4. Renting Diversification
Renting/Letting is the practice of agreeing a payable price for the use of a service or good. The term is generally associated with solid properties, but companies have started to diversify the use of this principle, to streamline their cash flows.
The concept of renting services is on the rise already. Instead of buying a song, you may subscribe to a service like Google Play, Apple Music, or Spotify, and pay per month for unlimited streaming. Instead of buying photoshop for your professional needs, you could subscribe to a membership plan and get the newest version all the time. Instead of buying a mobile phone, you may call your provider and find out 12 or 24 month plans to get the device.

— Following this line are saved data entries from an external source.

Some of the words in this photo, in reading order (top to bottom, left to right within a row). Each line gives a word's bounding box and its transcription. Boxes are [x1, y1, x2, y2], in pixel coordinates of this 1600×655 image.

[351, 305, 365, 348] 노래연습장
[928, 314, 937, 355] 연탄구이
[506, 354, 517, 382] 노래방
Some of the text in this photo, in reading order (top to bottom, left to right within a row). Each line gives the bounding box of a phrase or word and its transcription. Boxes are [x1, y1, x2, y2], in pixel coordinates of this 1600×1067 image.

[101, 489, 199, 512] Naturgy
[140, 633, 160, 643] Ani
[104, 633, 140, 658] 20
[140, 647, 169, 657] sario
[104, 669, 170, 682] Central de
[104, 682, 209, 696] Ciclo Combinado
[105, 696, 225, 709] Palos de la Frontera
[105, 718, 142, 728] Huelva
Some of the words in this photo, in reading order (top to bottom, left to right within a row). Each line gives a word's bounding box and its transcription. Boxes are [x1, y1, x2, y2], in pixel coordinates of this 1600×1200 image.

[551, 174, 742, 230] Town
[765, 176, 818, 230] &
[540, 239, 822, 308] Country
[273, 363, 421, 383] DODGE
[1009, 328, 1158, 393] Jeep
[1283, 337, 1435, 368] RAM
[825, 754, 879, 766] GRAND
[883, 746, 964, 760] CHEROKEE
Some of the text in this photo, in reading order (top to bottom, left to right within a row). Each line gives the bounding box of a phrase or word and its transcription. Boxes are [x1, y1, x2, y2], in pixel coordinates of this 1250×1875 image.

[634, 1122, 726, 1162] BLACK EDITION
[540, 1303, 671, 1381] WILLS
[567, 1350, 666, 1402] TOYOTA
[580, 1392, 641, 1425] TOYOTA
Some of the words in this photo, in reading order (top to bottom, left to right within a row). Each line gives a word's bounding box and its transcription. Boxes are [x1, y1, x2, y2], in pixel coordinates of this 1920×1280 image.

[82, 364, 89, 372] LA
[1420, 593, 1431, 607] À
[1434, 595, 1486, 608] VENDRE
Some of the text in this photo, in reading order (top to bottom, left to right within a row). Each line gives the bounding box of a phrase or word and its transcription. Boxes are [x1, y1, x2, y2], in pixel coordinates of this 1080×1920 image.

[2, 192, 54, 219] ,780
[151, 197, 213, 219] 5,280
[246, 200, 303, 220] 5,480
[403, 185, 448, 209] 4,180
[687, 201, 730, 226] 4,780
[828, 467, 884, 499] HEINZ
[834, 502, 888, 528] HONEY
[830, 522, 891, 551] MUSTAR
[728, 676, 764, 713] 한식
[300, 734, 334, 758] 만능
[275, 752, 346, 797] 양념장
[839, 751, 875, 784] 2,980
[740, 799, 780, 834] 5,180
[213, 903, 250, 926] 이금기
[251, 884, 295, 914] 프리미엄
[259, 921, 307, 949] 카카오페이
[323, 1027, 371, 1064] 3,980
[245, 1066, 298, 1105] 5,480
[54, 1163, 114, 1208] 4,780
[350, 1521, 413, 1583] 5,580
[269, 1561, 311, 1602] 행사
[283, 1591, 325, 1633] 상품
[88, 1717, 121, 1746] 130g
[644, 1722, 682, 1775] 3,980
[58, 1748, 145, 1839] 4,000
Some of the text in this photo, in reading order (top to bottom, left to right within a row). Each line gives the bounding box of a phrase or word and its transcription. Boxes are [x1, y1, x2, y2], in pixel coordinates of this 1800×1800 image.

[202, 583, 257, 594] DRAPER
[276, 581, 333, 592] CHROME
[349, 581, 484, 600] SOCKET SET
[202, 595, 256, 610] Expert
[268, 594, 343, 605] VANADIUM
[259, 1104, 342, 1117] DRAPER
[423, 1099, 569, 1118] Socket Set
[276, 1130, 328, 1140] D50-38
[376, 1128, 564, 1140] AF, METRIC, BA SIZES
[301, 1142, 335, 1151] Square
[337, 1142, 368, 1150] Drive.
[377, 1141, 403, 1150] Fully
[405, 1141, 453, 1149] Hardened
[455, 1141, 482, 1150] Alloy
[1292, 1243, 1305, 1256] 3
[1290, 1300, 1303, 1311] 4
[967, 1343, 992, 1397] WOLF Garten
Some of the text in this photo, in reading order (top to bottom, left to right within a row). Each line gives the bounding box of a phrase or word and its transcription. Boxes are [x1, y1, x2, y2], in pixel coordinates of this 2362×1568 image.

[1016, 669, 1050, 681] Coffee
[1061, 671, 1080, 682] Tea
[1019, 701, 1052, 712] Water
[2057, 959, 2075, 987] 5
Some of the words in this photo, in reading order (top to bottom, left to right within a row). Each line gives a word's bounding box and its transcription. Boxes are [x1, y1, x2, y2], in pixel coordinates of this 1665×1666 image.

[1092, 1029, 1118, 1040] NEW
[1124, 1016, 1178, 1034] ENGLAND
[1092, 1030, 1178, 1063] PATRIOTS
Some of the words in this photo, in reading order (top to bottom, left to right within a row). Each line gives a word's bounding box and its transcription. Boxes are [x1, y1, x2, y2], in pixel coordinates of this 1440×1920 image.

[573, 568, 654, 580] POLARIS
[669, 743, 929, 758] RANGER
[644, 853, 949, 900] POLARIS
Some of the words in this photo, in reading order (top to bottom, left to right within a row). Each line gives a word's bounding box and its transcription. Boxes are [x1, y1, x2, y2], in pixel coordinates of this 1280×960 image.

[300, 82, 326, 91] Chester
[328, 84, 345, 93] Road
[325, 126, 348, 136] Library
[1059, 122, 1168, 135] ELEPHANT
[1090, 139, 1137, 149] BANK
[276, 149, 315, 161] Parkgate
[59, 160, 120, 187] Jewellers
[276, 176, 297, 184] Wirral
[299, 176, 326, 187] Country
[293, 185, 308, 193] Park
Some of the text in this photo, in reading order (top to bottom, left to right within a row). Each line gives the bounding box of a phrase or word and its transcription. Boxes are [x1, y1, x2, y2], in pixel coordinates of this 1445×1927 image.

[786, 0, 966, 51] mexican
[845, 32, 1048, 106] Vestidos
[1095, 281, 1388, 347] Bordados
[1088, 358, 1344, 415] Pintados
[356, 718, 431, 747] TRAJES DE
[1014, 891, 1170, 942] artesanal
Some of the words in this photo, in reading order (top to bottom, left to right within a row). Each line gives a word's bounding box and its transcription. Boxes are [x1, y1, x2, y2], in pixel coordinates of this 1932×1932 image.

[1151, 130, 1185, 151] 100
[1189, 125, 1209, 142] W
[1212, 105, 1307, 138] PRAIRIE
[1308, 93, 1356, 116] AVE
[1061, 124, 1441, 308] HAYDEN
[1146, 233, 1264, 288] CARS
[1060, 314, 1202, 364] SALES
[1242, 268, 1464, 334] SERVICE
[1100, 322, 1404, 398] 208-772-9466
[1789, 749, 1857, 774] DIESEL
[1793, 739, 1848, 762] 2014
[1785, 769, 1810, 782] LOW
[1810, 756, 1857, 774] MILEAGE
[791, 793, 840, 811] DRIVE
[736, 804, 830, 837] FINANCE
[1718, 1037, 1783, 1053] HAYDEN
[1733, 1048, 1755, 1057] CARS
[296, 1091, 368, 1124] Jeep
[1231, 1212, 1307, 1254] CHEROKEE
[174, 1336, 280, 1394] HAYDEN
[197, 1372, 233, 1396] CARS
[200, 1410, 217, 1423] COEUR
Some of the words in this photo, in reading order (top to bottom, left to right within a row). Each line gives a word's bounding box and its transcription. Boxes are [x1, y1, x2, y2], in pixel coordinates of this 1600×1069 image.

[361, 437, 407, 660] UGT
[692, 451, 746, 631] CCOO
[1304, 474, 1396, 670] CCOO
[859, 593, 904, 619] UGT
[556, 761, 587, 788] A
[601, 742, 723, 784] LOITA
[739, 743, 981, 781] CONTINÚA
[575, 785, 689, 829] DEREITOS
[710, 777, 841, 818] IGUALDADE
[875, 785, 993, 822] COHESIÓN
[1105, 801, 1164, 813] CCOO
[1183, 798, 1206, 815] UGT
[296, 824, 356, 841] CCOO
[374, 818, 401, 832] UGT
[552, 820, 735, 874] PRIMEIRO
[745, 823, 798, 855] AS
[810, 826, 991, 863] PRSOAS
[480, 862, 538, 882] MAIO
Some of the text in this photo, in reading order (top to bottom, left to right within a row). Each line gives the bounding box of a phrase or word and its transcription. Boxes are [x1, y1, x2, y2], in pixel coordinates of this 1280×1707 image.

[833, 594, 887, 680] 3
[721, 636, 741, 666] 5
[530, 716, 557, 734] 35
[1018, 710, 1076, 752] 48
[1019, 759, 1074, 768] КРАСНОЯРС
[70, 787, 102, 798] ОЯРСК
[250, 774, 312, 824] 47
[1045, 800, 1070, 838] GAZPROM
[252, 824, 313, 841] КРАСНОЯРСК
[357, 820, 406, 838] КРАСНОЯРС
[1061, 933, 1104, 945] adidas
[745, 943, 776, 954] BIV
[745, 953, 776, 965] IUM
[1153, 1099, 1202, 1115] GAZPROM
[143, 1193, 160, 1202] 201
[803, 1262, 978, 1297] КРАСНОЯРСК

The debate of renting vs buying is still not settled, but the concept has both positives and negatives for the customers, depending on the level of use and service. Companies generally profit more by renting, helping them forecast their projections more efficiently (which provides a competitive advantage on its own). Keeping the market trends in mind, the practice of renting is likely to increase and spread to other industries in the future.
5. Emphasis on “Partial” Differentiation
Product Differentiation is the process of showcasing the difference between two products. The aim is to increase the attractiveness of a given product, in comparison to the competition. This strategy is one of the main contributors of competitive advantage.
With mega companies moving away from drastic changes and innovative overhauls, the differentiation strategy is being finely tuned and minimised to the bare minimum. The concept is to run with a tested and accepted product, with the least changes. There are many examples of these in the industry, such as the minimum difference between each generation of smart phones, sequels and prequels in the movie industry, and beauty products changing their packaging while contents inside usually staying the same.
The bulk of innovation is moving towards smaller businesses, and sometimes even individuals. In case of success, these start-ups are acquired by big businesses and made a part of the larger network. This, of course, minimises the risk of loses, as the product already has a market that can be grown further with the larger network. This trend points in the direction of increased “partial” differentiation, as more companies catch on to the trend and play it safe.
This article tries to outline the factors that may change the future of competitive strategy, and hence competitive advantage, as we know it. Scenarios have been derived from these changes, which provide an image of the future. The underlining assumption is the continuation of current trends into bigger market players.
Moving away from the line, the subject of the future of marketing is still a dubious one. Experts, along the years, have tried to predict this sector with mixed results. In 1966, John Louth drew up a list of six scenarios of marketing that have all come true in different capacities. These included Customer Domination, Increased Market Research, Rise of the Computer, Test Marketing, Field Selling and Global Planning. I am drawing towards the revival of Field Selling, considering the psychological changes (individualism) that have happened along with globalisation. People want to feel as unique creatures, even though there are arguments that we are more similar than we care to believe. There is always a higher level of uncertainty when trying to understand human emotions. Considerable work is available on the partial rationality of human kind, and sadly the marketing sector falls into that.
Other projections, i.e. Increased Inquisitions to gain bigger market shares, heightened outsourcing, renting diversification, and partial differentiation from the big players, make more sense in terms of intuition. Unless regulations are amended and bounds are in place for sizing, these trends will continue to progress and undermine traditional governance across the world. The results of such changes are yet to be seen.